3.4.4 Onderdeel 2 bouwt voort op onderdeel 1 en richt zich tegen de vaststelling van de draagkracht van de man, die berust op in onderdeel 1 met succes bestreden oordelen, zodat het eveneens slaagt. Onderdeel 3 behoeft geen behandeling.
3.5 De bestreden beschikkingen kunnen derhalve niet in stand blijven.
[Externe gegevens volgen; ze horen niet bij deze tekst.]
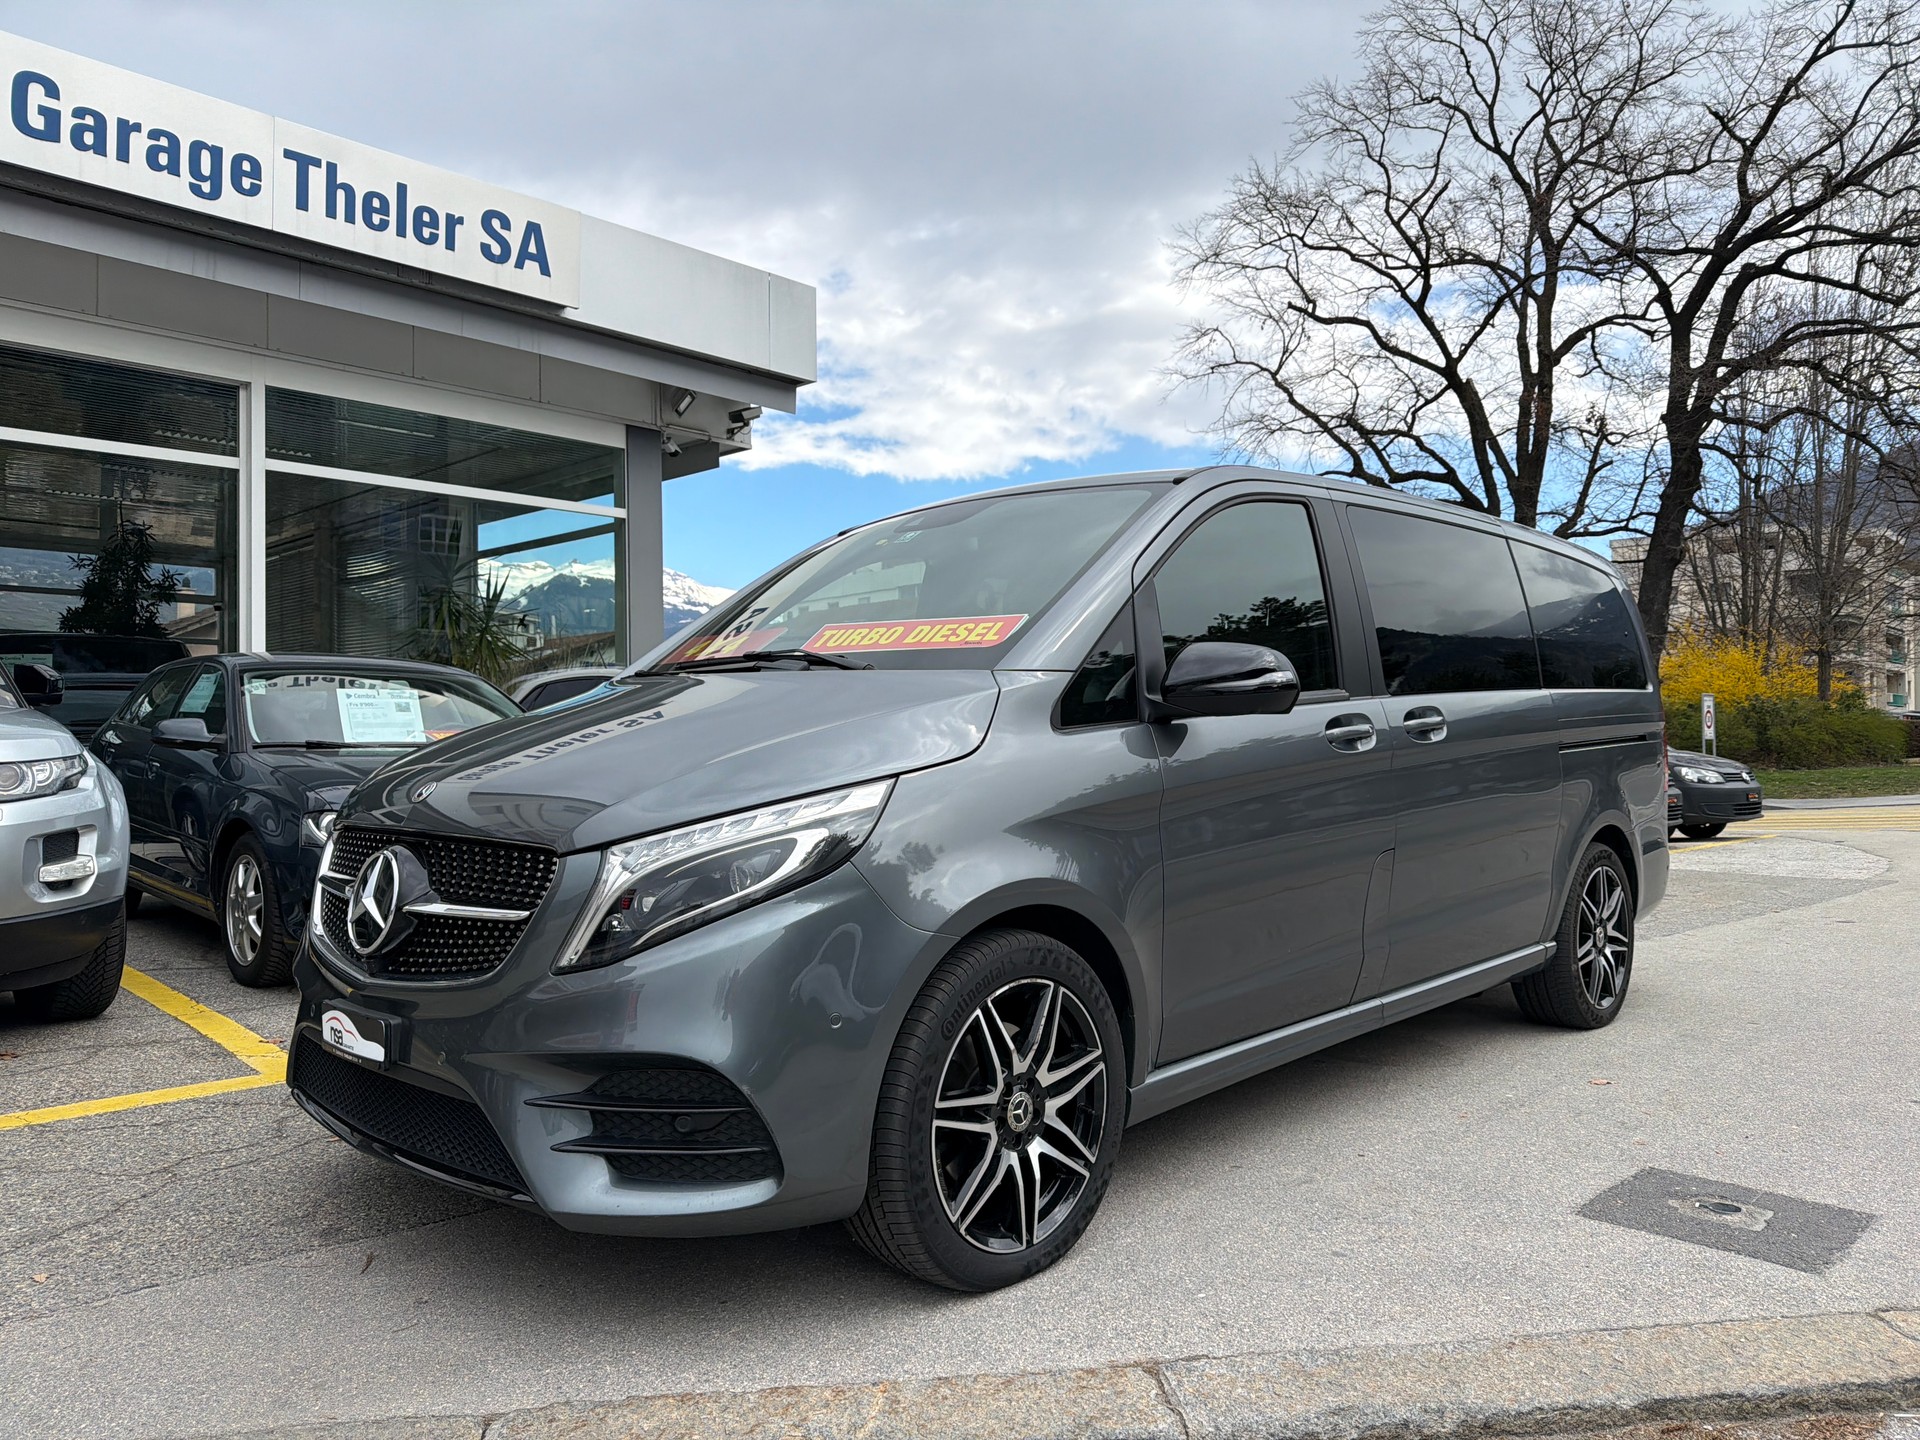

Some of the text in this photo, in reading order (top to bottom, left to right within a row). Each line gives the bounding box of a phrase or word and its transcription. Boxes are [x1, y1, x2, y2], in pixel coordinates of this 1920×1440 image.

[11, 71, 552, 278] Garage Theler SA
[814, 622, 1004, 648] TURBO DIESEL
[941, 961, 1008, 1042] Continental
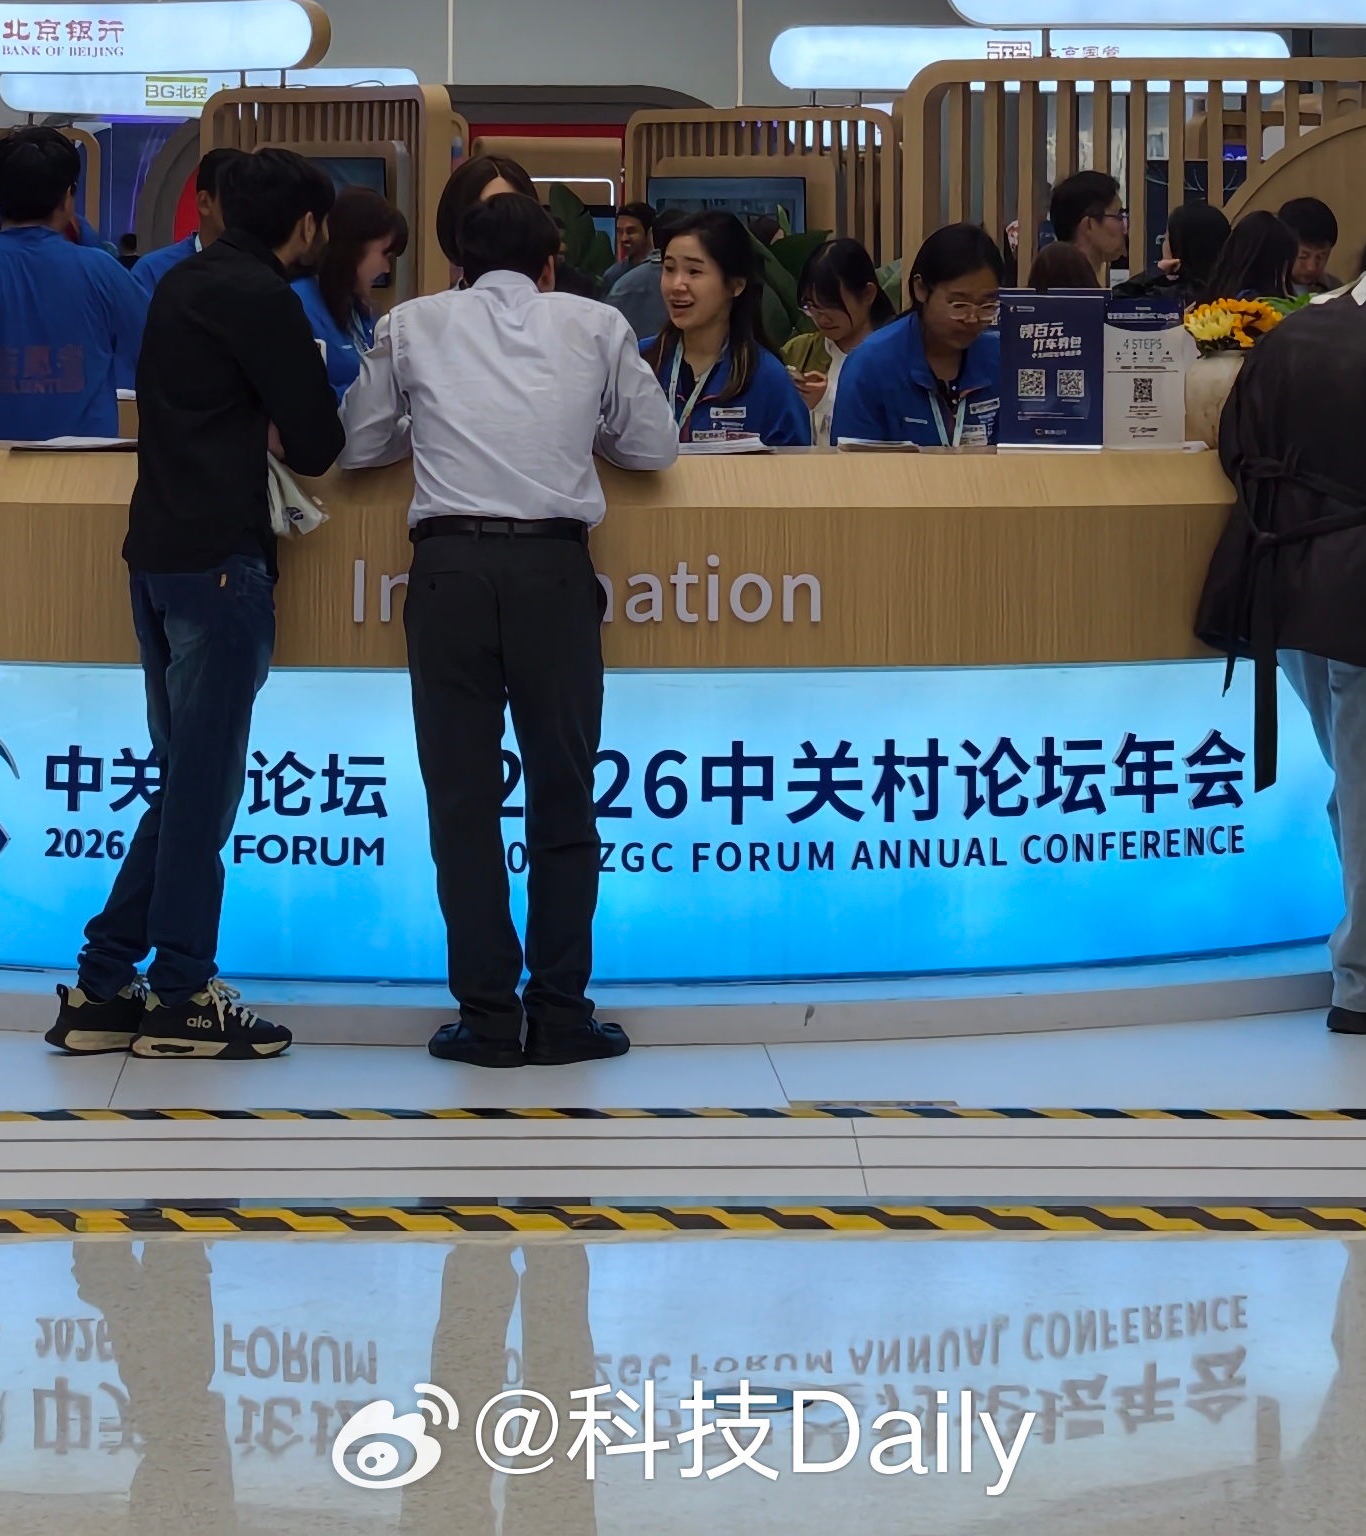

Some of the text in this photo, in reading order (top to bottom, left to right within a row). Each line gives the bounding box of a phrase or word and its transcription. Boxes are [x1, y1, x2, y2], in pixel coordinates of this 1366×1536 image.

[2, 45, 125, 58] BANK OF BEIJING
[45, 728, 1246, 826] 中关论坛 226中关村论坛年会
[44, 827, 385, 867] 2026 FORUM
[599, 824, 1246, 873] ZGC FORUM ANNUAL CONFERENCE
[186, 1015, 213, 1029] alo
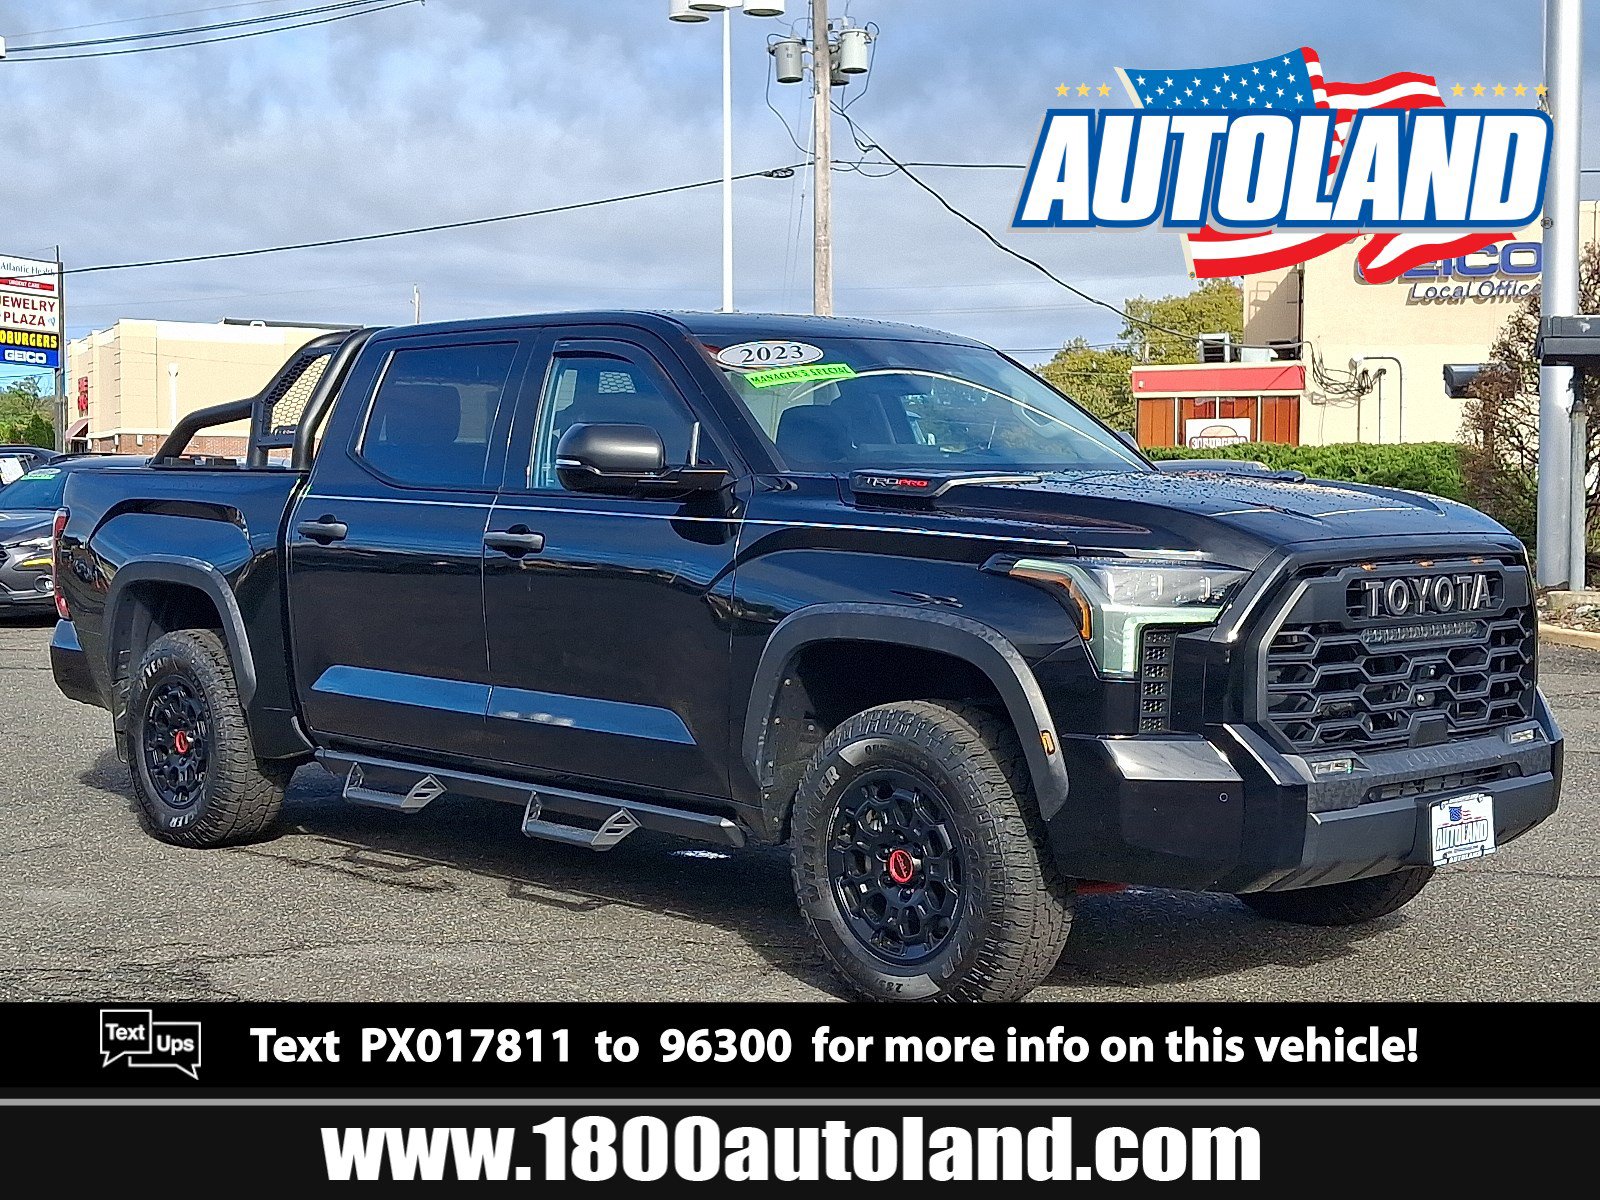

Na verwijzing zal het hof bij de beoordeling van de draagkracht van de man het verweer van de vrouw moeten betrekken, inhoudende dat tussen de man en zijn dochters afspraken bestaan, door de vrouw aangeduid als 'een constructie', die meebrengen dat de man uit de door hem verworpen nalatenschap toch inkomsten ontvangt.
4. Beslissing
De Hoge Raad:
vernietigt de beschikkingen van het gerechtshof te 's-Gravenhage van 25 januari 2006 en 22 augustus 2007;
verwijst het geding naar het gerechtshof te Amsterdam ter verdere behandeling en beslissing.
Deze beschikking is gegeven door de vice-president D.H. Beukenhorst als voorzitter en de raadsheren A.M.J. van Buchem-Spapens, E.J. Numann, J.C. van Oven en F.B. Bakels, en in het openbaar uitgesproken door de raadsheer E.J. Numann op 5 december 2008.